Thus, the immediate period before the 2005 Lancet article was something of a public relations disaster for the orthodox medical community.  Specifically, the House of Commons report on the pharmaceutical industry and the Shephard article on iatrogenic illness and death which followed shortly after, were not good for the image of the industry or for biomedicine generally.  The imminent (and then suppressed) release of the 2005 World Health Organization (WHO) report on homeopathy likely added to the sense of peril felt by the orthodox medical community, even though the report indicated that orthodox medical care has retained its dominance.    Homeopathy appears to have become threatening enough to biomedicine for concerned members of the orthodox medical community to respond “suddenly” and vociferously, after a period of fairly quiet coexistence with homeopathy in the United Kingdom.  Coburn and Willis said that “medicine is now attempting to protect its own privileged position from external attack”  (384).  The NHS was in fiscal crisis, a situation which continues, and the biomedical community was fighting to maximize its access to NHS resources.  Fomenting a moral panic was a way to protect the privileges of the biomedical community. Comments from the biomedical community about homeopathy’s safety may be an effort, in part, to deflect concern about the safety of orthodox drugs (Shepherd) and technology.    It is likely also an attempt to deal with deep anxieties about the future of biomedicine and the NHS.

THE MORAL PANIC:  2005
On August 27, 2005, The Lancet, a British journal which is one of the leading medical journals in the world, published a flawed research article by Shang, et al. which concluded that homeopathic medications are ineffective in treating illness.  In the same issue, it published an accompanying editorial entitled “The End of Homeopathy,” urging physicians to “be bold and honest with their patients about homoeopathy’s lack of benefit, and with themselves about the failings of modern medicine to address patients’ needs for personalized care”  (690).  In a third piece in that issue, The Lancet responded negatively to the 2005 WHO draft report on homeopathy, which reported that homeopathy is the second most commonly used medical modality in the world (“WHO Recognition for Homeopathy”).  The Lancet said the report was too positive in its evaluation of homeopathy’s usefulness.  (A subsequent, technical WHO report, “Safety Issues in the Preparation of Homeopathic Remedies” came out in 2010.) The publication of the Lancet articles at the end of summer, a slow time for news, resulted in accusations that its editors wanted to ensure thorough media coverage of the articles and have a maximum negative effect on homeopathy.  It must be noted that The Lancet, by its own admission, owes much to the orthodox pharmaceutical industry.  A 2002 Lancet article recognizes that there is, “a symbiotic relation between medical journals and the pharmaceutical industry,” and further says, “both industries profit from each other, but it is a relation that generates unease and is open to abuse”  (1346).  That comment may indeed have been prescient, given their publication of the flawed Shang et al. research in 2005.

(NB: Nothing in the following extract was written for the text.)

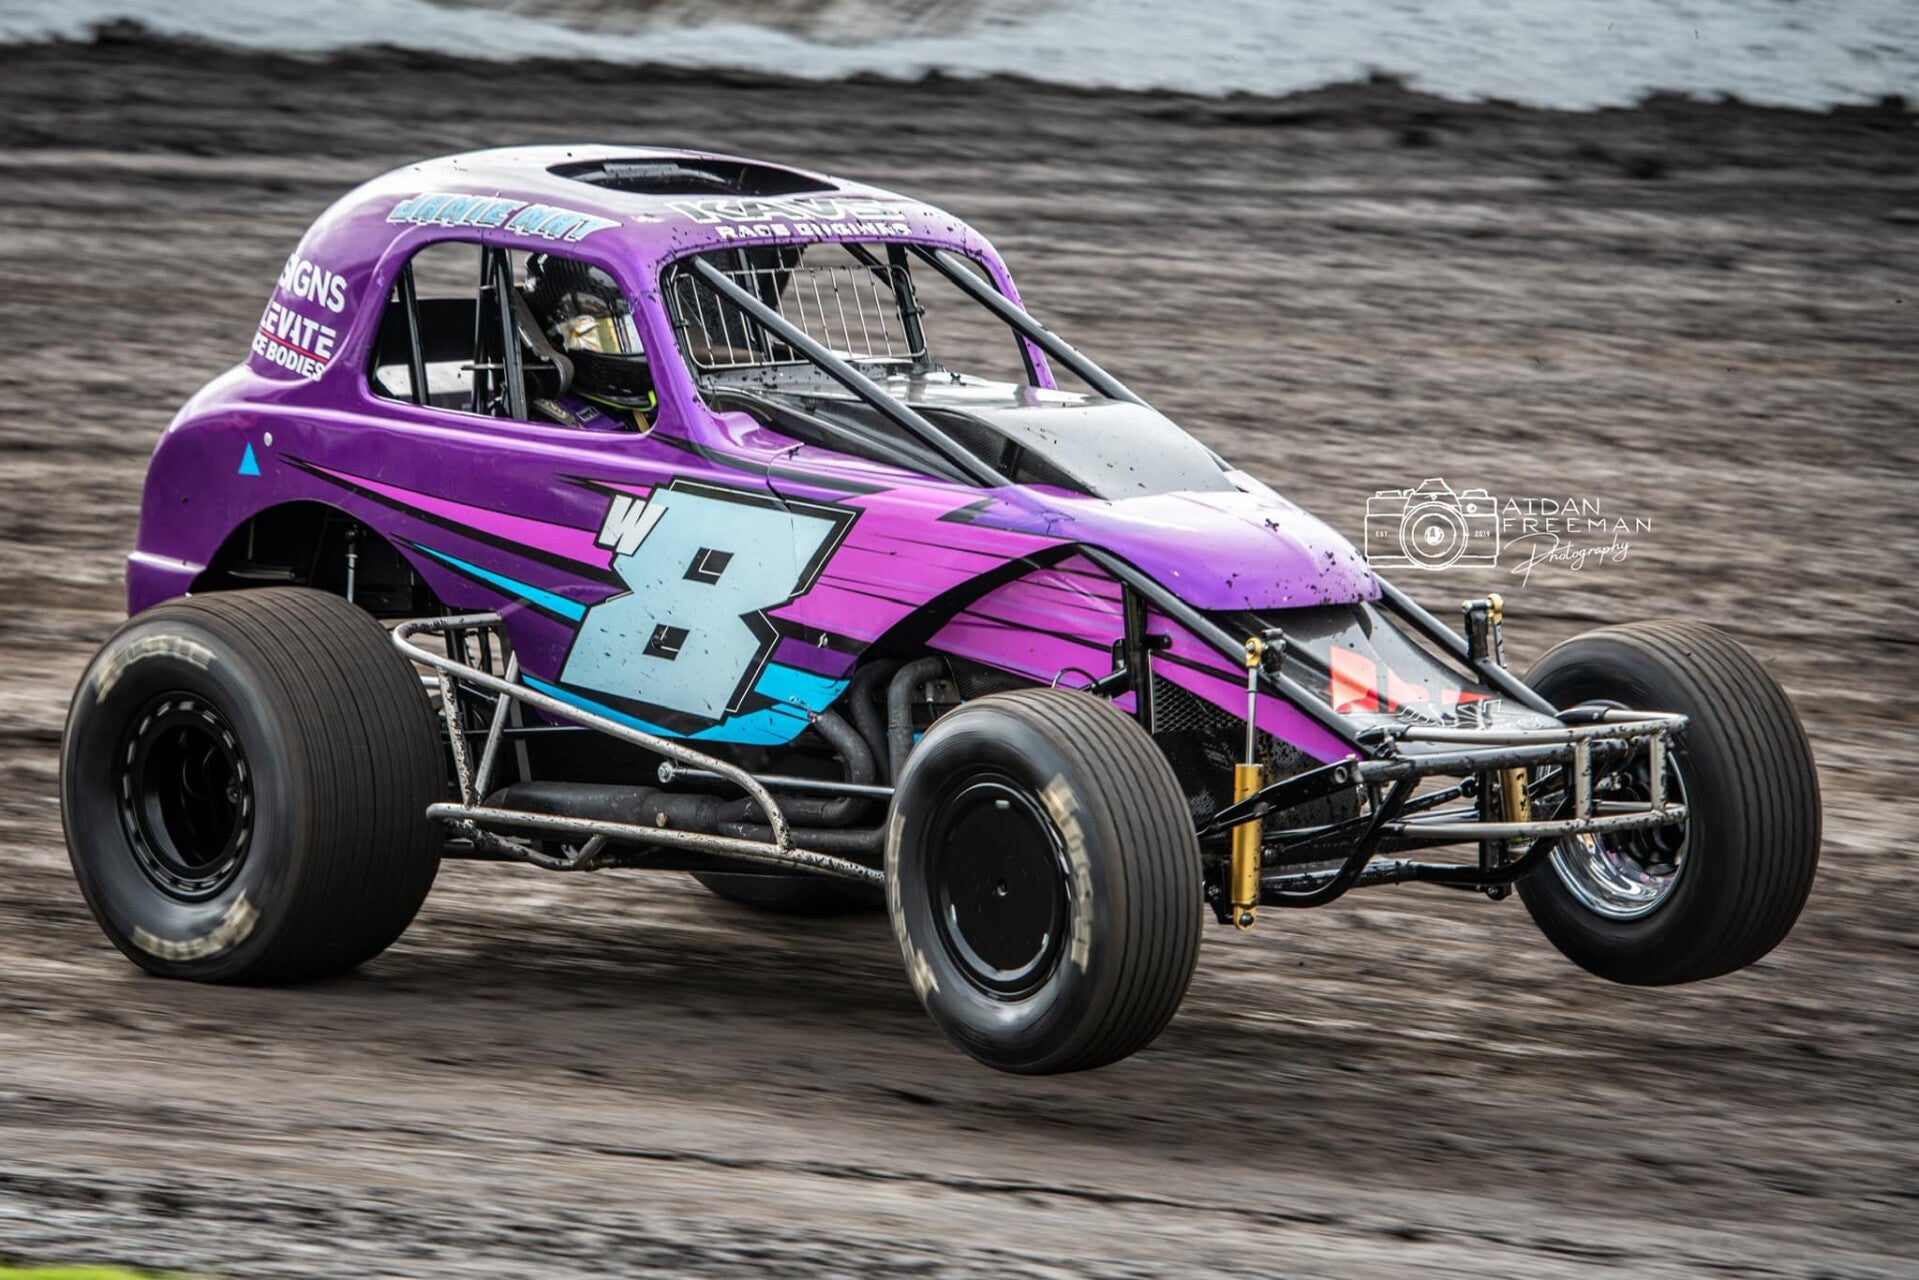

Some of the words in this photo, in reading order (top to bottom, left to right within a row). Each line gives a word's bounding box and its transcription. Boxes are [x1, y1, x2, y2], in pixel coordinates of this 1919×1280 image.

[714, 222, 791, 239] RACE
[793, 223, 912, 237] ENGINES
[266, 339, 326, 382] BODIES

The research article was thoroughly criticized by many homeopaths (see Aickin; Bell; Fisher, “Homeopathy and the Lancet”; Fisher, “Scientific Research on Homeopathic Medicine”; and the letters in “The Homeopathy Debate”).  Some critics noted that it did not meet the QUOROM (Quality of Reports of Meta-Analyses of Randomised Controlled Trials) criteria for a meta-analysis (Fisher, “Homeopathy and the Lancet”; Fisher, “Scientific Research on Homeopathic Medicine”).  The Lancet itself published the QUOROM guidelines in 1999, but the 2005 “meta-analysis” examined only eight studies, none of which were identified (they were later revealed).  Critics also attacked the editorial and the article on the draft WHO report (Fisher, “Homeopathy and the Lancet”). The global media, however, reported widely on the Lancet articles  (Jaroff; Fisher, “Homeopathy and the Lancet”) , but said very little about the rebuttals. 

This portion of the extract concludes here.